Bassist Shaffer (or occasional substitutes David Einhorn or Doug Lindsay) provides Davis with a harmonic link to the animated drumming of Alexander as the trio spontaneously segues between classical flourishes, jazz standards, show tunes, and pop chestnuts from Michael Jackson to The Carpenters. You’ve never witnessed a patron favorite like Webb’s “MacArthur Park,” even if you’ve heard both the Richard Harris and Donna Summer versions, quite the way this telepathic trio approaches it.
“There are songs that we play regularly,” says Davis, “but those guys know I won’t ever play them the same way twice. I improvise because I react to what I hear, and what I hear is different every time. My ‘Smoldering Secrets’ album has been reissued, so I’m keeping an eye on that because I have a couple songs I’m preparing for streaming. It’s not unlike the late 1960s, when you released a song at a time, plus a B-side, as a 45 rpm record. We’re back to one or two songs at a time, but now they’re streaming on the internet.”
Even without new music, Davis remains a draw because of his previous catalog and performances. He has a loyal following, and he returns the favor.

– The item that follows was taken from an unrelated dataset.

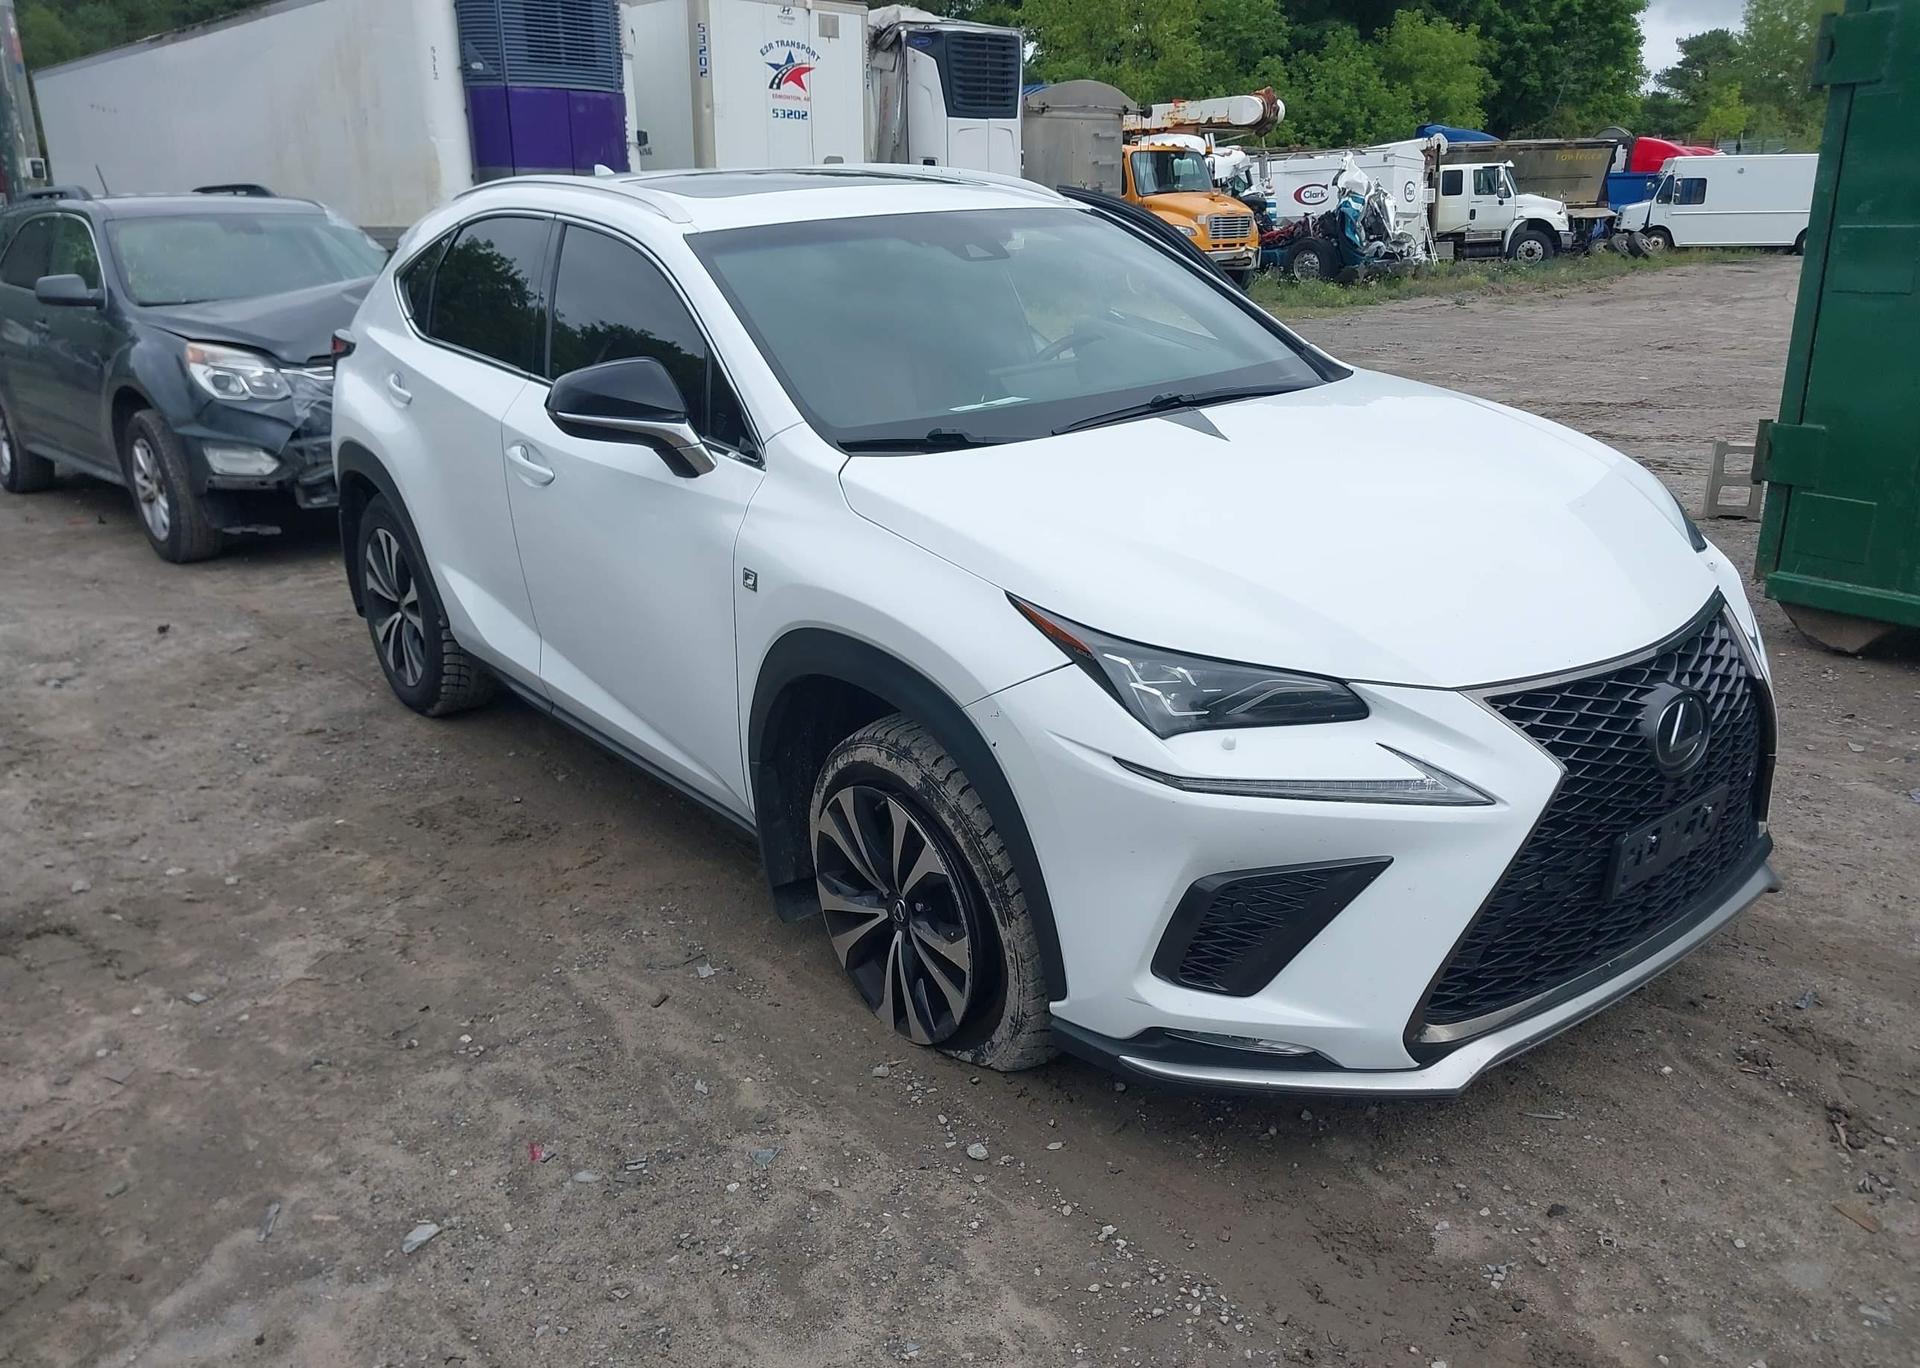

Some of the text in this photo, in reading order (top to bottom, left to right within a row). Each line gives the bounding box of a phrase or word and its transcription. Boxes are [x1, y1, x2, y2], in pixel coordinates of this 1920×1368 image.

“Besides all of the concerts that he does, this is one of the only places where Copeland plays,” says Joyce Kutsal. “He’s part of the Centro family.”
It’s an extended family. In-between sets, Davis talks to friends, fans and former classmates every night, and unlike in most restaurants that feature live music, patrons don’t complain about the music interfering with their conversation because they’re primarily there to see and hear Davis.
And for the food, naturally. Café Centro offers gourmet pastas, entrees, pizzas, salads and soups, plus a full liquor bar of beers, wines and spirits. Situated at the intersection of Northwood Road, amid its vacant storefronts, and Dixie Highway, the upscale restaurant also stands out by featuring live music six nights a week with no cover charge.
Rob Russell, Ray Chang and Troy McCray present everything from cabaret and jazz to Motown and open mikes weekly in the piano bar, and the Susan Merritt Trio has presented live jazz in that room for the past seven years.
“Café Centro is one of the only places I can think of that’s presenting this much live entertainment,” Merritt, the bandleading bassist, says. “Especially jazz, which is wonderful for both the musicians and people who love this kind of music.”
If You Go
See the Copeland Davis Trio at Café Centro, 2409 N. Dixie Highway, West Palm Beach.
When: 6:30-9:30 p.m. Thursdays, 6-8:30 p.m. Fridays and Saturdays.
Info: 561-514-4070, cafecentrowpb.com.